The Edmonton Downtown Business Association unveiled three of six new businesses moving into retail space in the city's centre on Thursday during its annual Imagining Downtown luncheon. The unveiling came a day after a University of Alberta report examining Edmonton's streetfront retail space found one-third of it vacant and suggested a variety of methods to rejuvenate the core to draw more people to it.

Heather Thomson, the executive director of the Alberta School of Business's Centre for Cities and Communities and an author of the report, said a big part of why there are 496 spaces empty or for lease can be explained by the streamlining brick-and-mortar businesses have gone through.

"Thirty years ago, they may have needed 5,000 square feet and now it’s closer to 1,000 square feet," Thomson told reporters at the luncheon. "We just have too much space. It doesn’t mean the retailers aren’t successful."

The study, titled the Downtown Edmonton Streetfront Retail Report 2023, was put together with funding from the City of Edmonton's Downtown Vibrancy Fund, with the aim of providing updates on streetfront retail health, using insights from research and data to suggest solutions and to support the city's downtown vibrancy strategy by supplying adequate data and information.

"The thing that we want to notice is that, yes, 33 per cent sounds like a lot, but it's such a large space," Thomson said. "We need to remember that when we're comparing it to other cities that we, in a lot of cases, have double the amount of square kilometres — nearly twice the size of Calgary's — when we're measuring this area. The number seems high. With that number [though], that's a lot of opportunities. We have a lot of opportunities to bring in different retailers who need different things.
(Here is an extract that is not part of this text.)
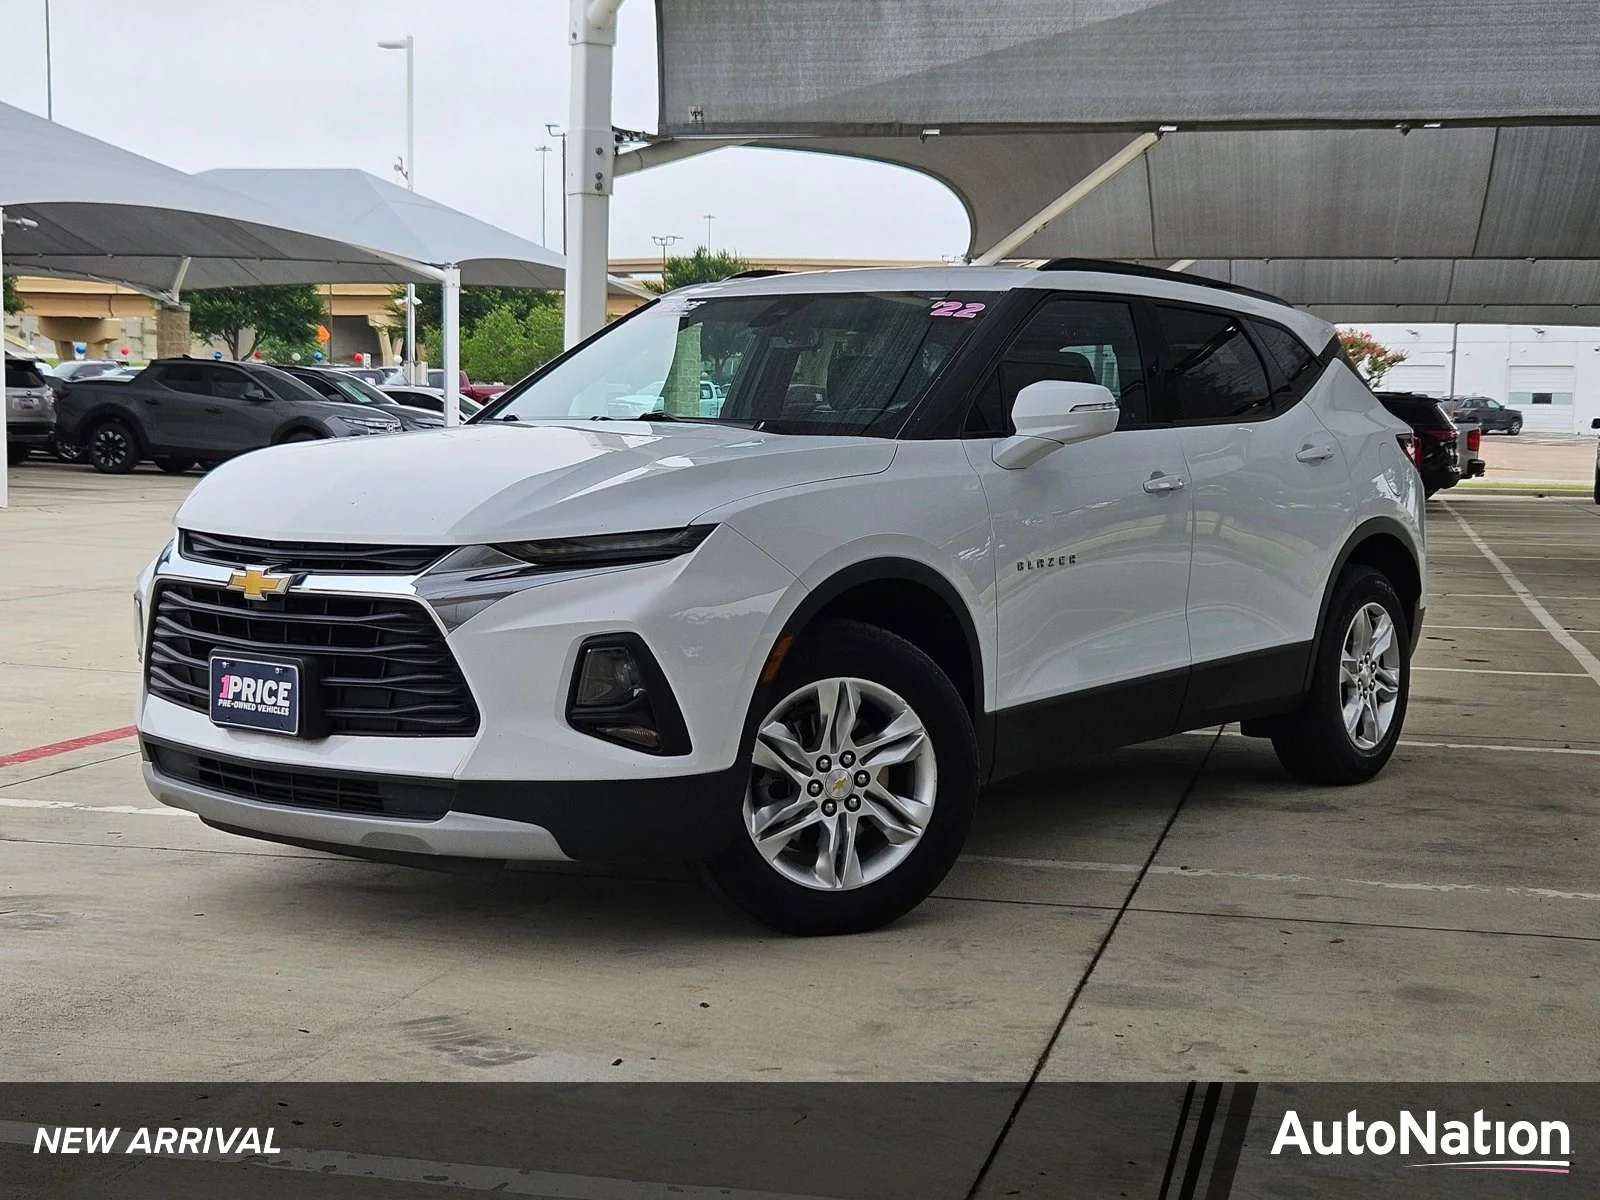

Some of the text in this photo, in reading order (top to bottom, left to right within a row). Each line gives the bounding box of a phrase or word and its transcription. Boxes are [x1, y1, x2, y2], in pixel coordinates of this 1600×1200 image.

We have a wide variety of options."

It's the promise of opportunity that drew the co-founders of Good Goods, a retailer that sells socially responsible brands from across Canada, to expand from its online presence to a yet-to-be-divulged brick-and-mortar space downtown via grant funding provided by the downtown business association.

"Community betterment has always been one of our core pillars, and a lot of our time is spent in projects that bring enrichment to the communities around us," said Nina Karpoff, co-founder of Good Goods.
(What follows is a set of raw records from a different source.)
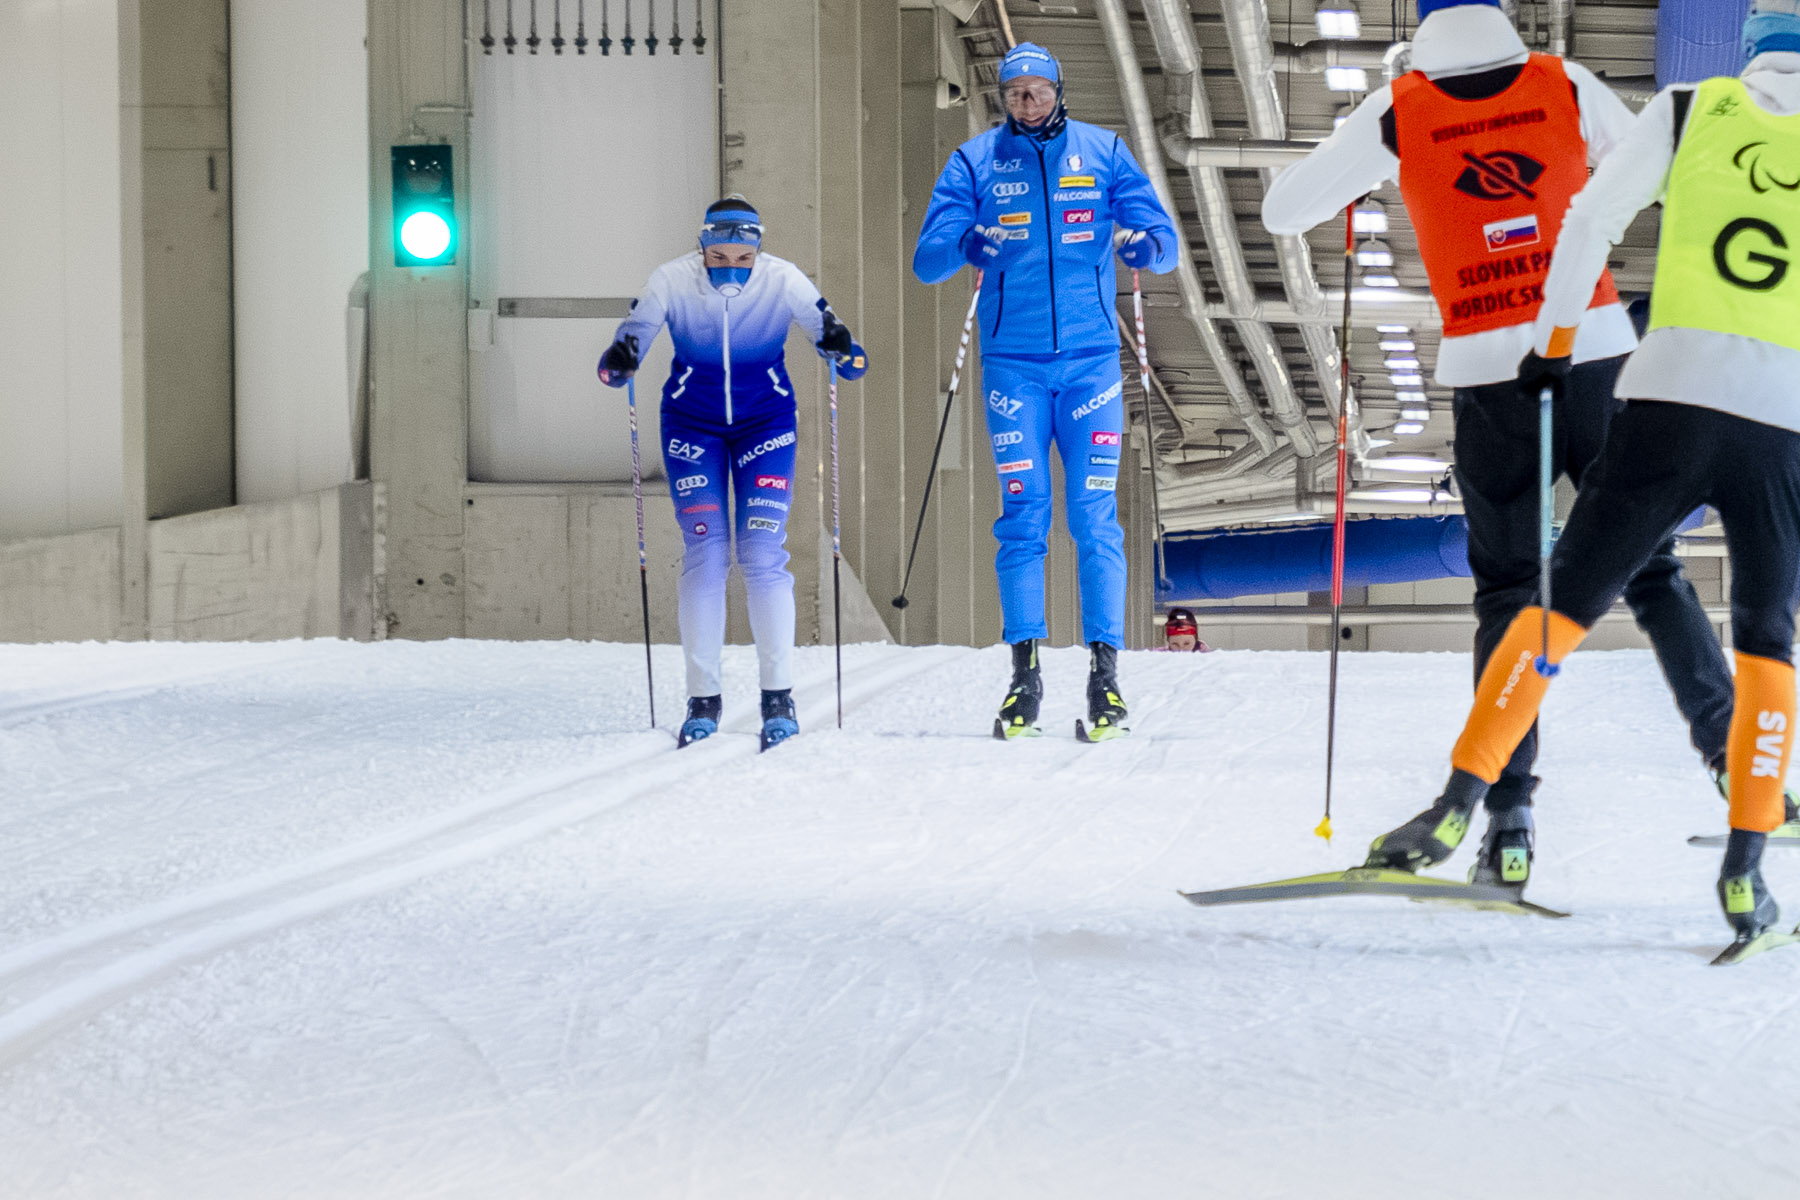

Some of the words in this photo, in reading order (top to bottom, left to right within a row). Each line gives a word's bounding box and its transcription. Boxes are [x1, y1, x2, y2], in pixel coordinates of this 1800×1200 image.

[1712, 216, 1789, 292] G
[1457, 254, 1530, 288] SLOVAK
[1451, 289, 1517, 319] NORDIC
[989, 389, 1023, 416] EA7
[668, 438, 705, 460] EA7
[1751, 710, 1787, 779] SVK
"We believe in the downtown community and wanted to be a part of the revitalization of it. There was a lot of really great vision that went into downtown prior to COVID, and we can all see that opportunity still exists. We just need to be a part of that momentum that breathes life back into it."

Provincial government funding to the downtown business association came as a one-time grant for its program dedicated to attracting more retail stores. Under the program, the six new retailers will each receive up to $250,000 to help offset startup costs.

The Growlery, an Edmonton-based brewery, and Obj3cts, a lifestyle concept store by Wild Rose Cakes and furniture retailer Consign Design, are the other two initial recipients.

Puneeta McBryan, executive director of the downtown business association, said the new businesses are tied to downtown for at least 18 months.

"That is a condition of the grant, but all of them are signing three- to five-year leases, so that's a huge win in and of itself," said McBryan, adding 32 businesses applied for the funding.

The three remaining new retailers under the grant program will be announced later this year.